··· Records for the exercise ···

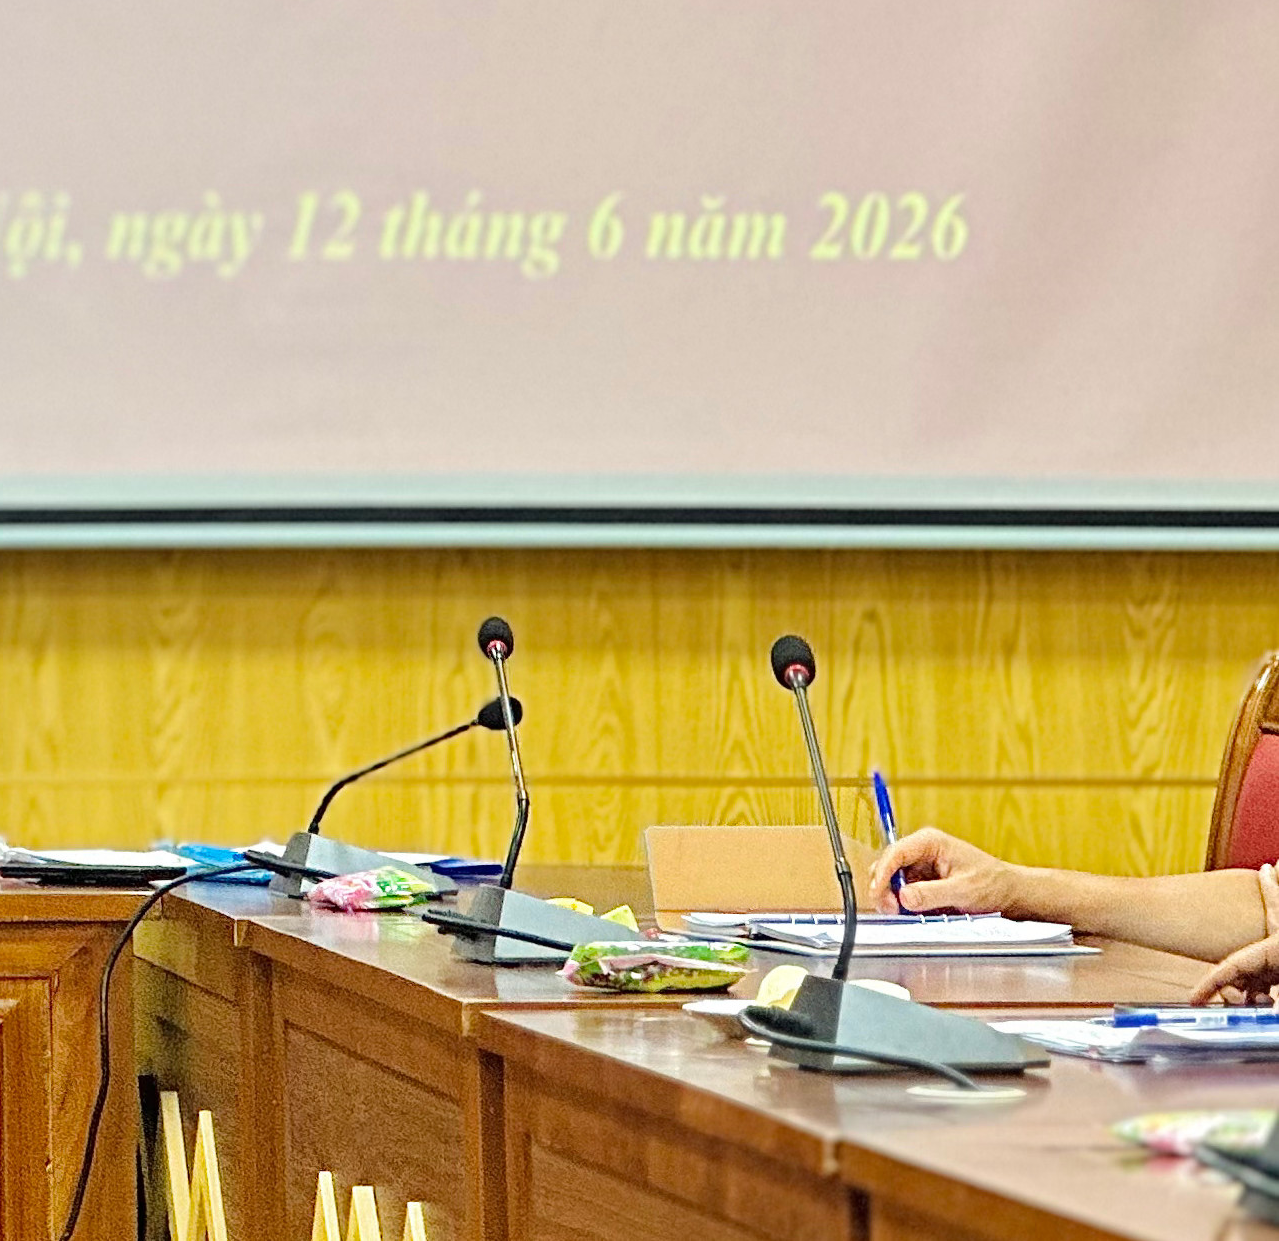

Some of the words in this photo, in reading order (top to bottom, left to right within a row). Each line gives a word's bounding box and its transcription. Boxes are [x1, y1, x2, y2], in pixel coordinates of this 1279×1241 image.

[105, 191, 263, 279] ngày
[287, 187, 363, 262] 12
[377, 189, 568, 276] tháng
[585, 193, 624, 259] 6
[644, 195, 787, 260] năm
[809, 189, 970, 262] 2026
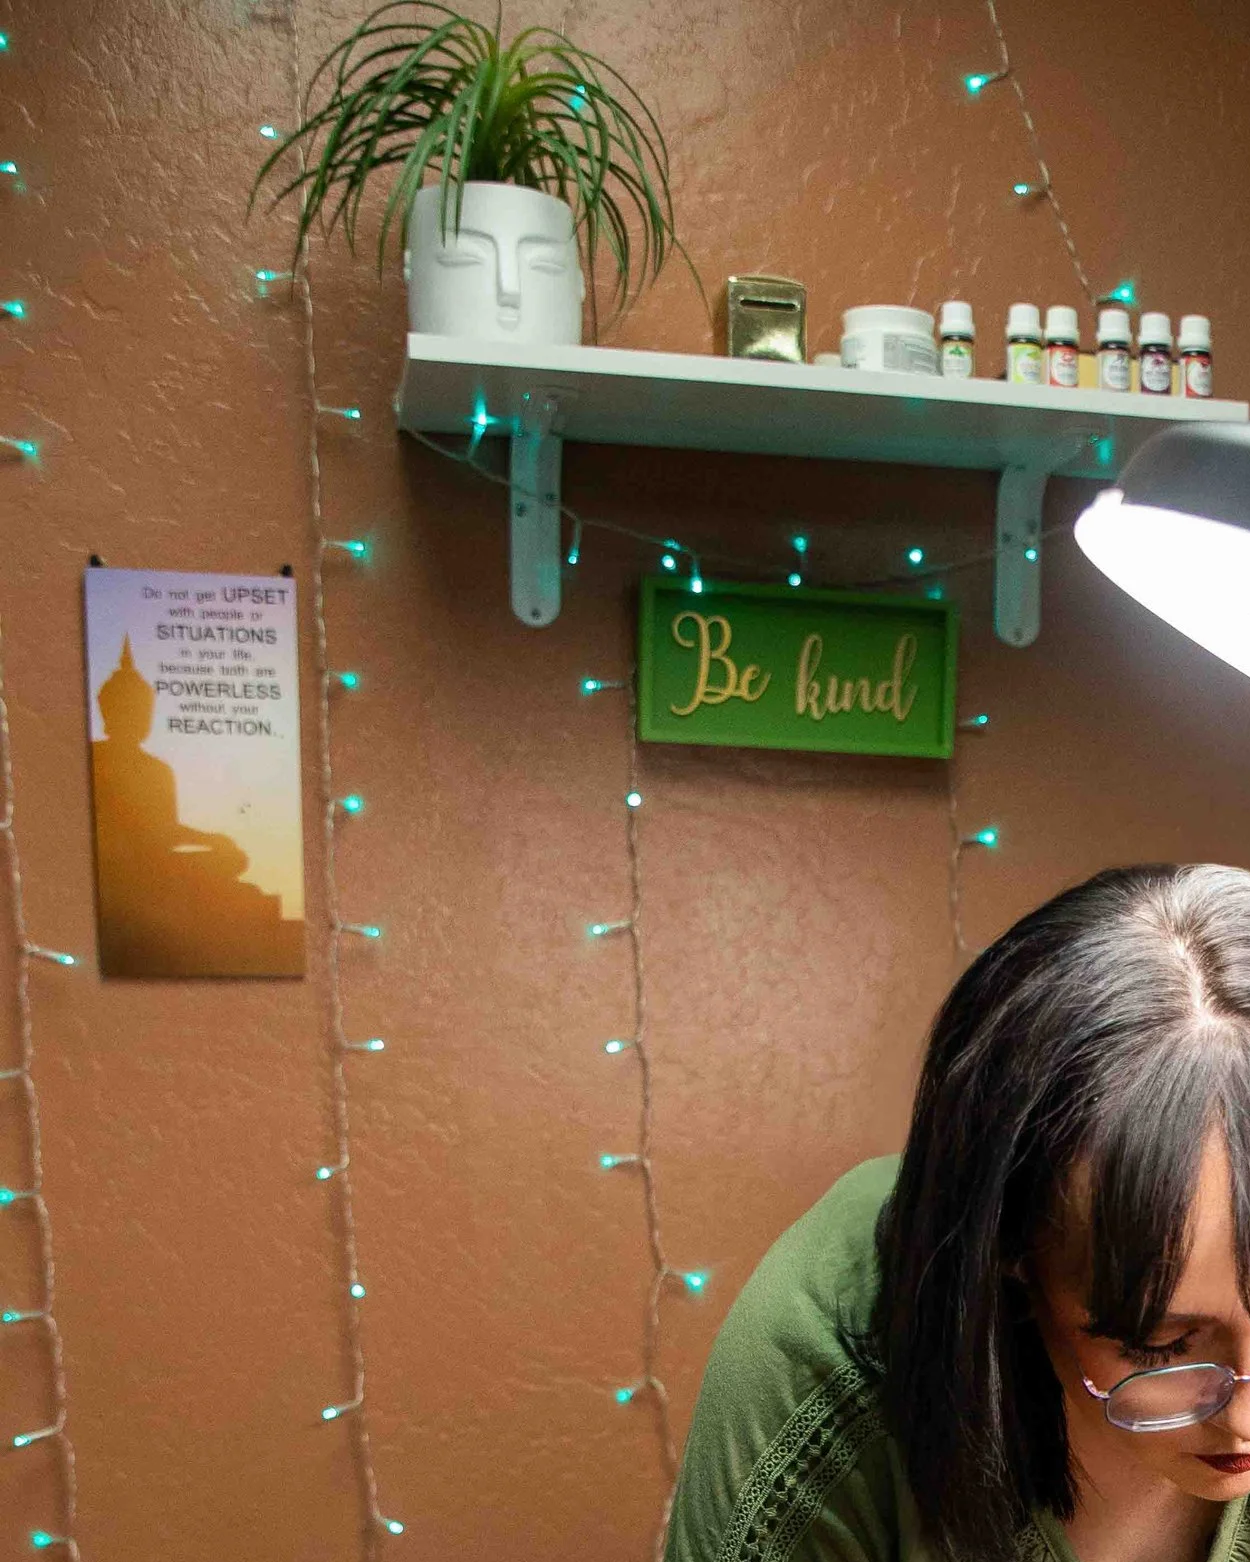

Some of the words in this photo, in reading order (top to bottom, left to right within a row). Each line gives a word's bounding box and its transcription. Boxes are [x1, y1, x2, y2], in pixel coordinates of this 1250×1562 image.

[169, 589, 189, 600] not
[196, 590, 216, 604] get
[222, 587, 289, 605] UPSET
[169, 607, 194, 618] with
[202, 609, 244, 621] people
[156, 624, 278, 644] SITUATIONS
[199, 649, 226, 660] your
[159, 663, 215, 675] because
[221, 665, 248, 676] both
[255, 667, 276, 678] are
[670, 611, 772, 716] Be
[795, 632, 918, 721] kind
[155, 680, 282, 700] POWERLESS
[179, 702, 225, 714] without
[232, 704, 259, 716] your
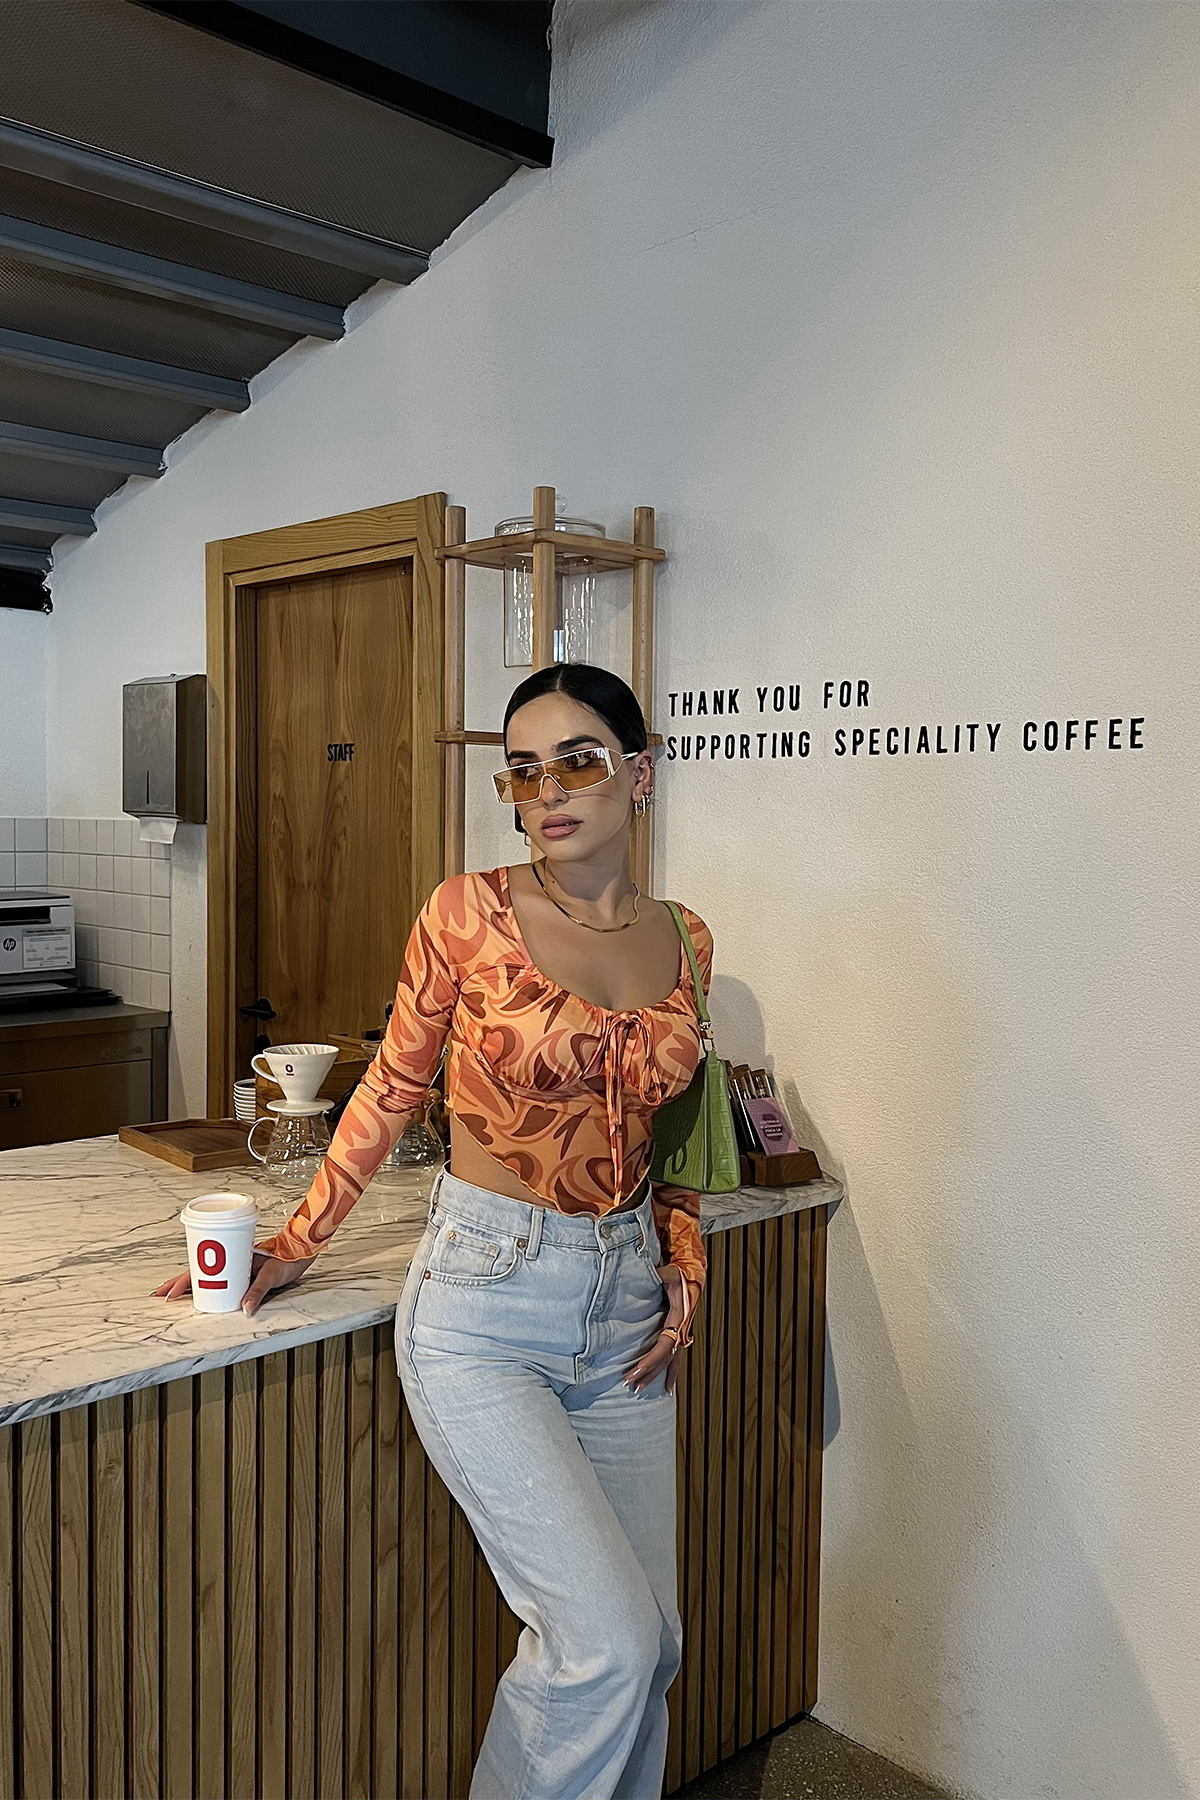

···

▶ _Work task_:
With images excluded, write the records above out again exactly.

▶ _Answer box_:
Some of the words in this photo, in reading order (top to bottom, left to right within a row). Each line gives a word's bounding box and its transcription. Boxes are [x1, y1, x2, y2], in pixel coordinates of this 1279×1241 image.

[105, 191, 263, 279] ngày
[287, 187, 363, 262] 12
[377, 189, 568, 276] tháng
[585, 193, 624, 259] 6
[644, 195, 787, 260] năm
[809, 189, 970, 262] 2026

Some of the words in this photo, in reading order (top to bottom, left to right within a row). Each line gives a word's bounding box and its transcription. Boxes are [x1, y1, x2, y2], in pixel coordinates of this 1250×1562 image.

[169, 589, 189, 600] not
[196, 590, 216, 604] get
[222, 587, 289, 605] UPSET
[169, 607, 194, 618] with
[202, 609, 244, 621] people
[156, 624, 278, 644] SITUATIONS
[199, 649, 226, 660] your
[159, 663, 215, 675] because
[221, 665, 248, 676] both
[255, 667, 276, 678] are
[670, 611, 772, 716] Be
[795, 632, 918, 721] kind
[155, 680, 282, 700] POWERLESS
[179, 702, 225, 714] without
[232, 704, 259, 716] your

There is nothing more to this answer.